It turns out that “Uranus” is a very appropriate name for the seventh planet from the sun. A new study from the University of Oxford discovered that Uranus is literally surrounded by farts — uh, or more scientifically, has an upper atmosphere made up of hydrogen sulfide, the compound responsible for the smell of rotten eggs. And farts.
“If an unfortunate human were ever to descend through Uranus’s clouds, they would be met with very unpleasant and odiferous conditions,” Patrick Irwin, one of the study’s authors, said in a news release. Although the average human being would likely never get close enough to Uranus to confront such conditions: “Suffocation and exposure in the -200 degrees Celsius atmosphere made of mostly hydrogen, helium, and methane would take its toll long before the smell,” Irwin said.
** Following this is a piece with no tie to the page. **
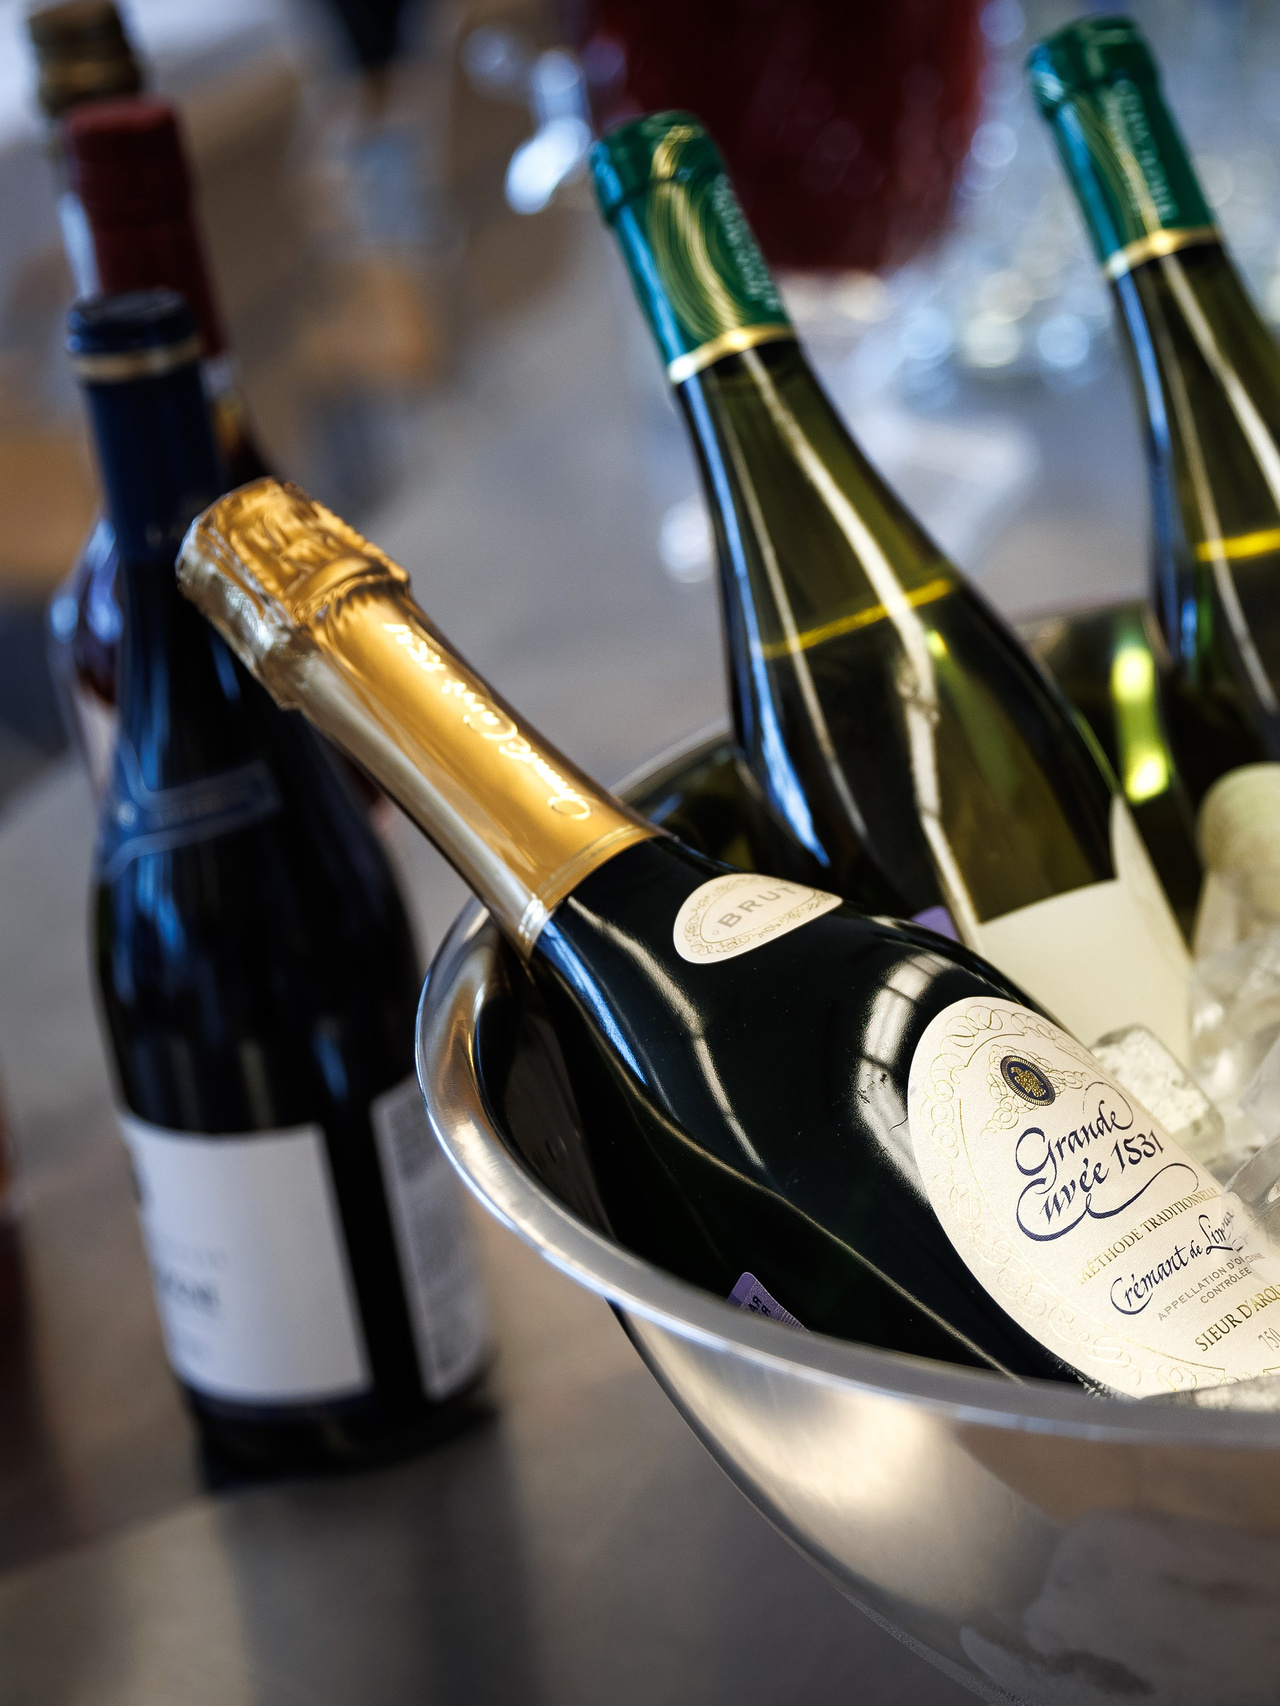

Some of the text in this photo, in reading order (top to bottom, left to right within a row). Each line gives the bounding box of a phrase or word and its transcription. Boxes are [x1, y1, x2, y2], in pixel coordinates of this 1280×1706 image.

Scientists who have studied Uranus before already speculated that the planet was dominated mostly by either ammonia or hydrogen sulfide, but there has never been actual proof until now. To uncover the scent, Oxford scientists used a highly sensitive, 8-meter Gemini North telescope at Mauna Kea, a dormant volcano in Hawaii, to examine the light bouncing off Uranus. Since different compounds cast off different identifiable wavelengths of light, scientists were able to determine what compounds were inside Uranus’s atmosphere by studying their wavelengths. Irwin said it was a serious challenge to detect hydrogen-sulfide molecules; it was only possible due to the telescope’s sensitivity and the crystal clear conditions of Mauna Kea. But as a result, the universe made the greatest fart joke of all time. It’s over. Everyone can go home now.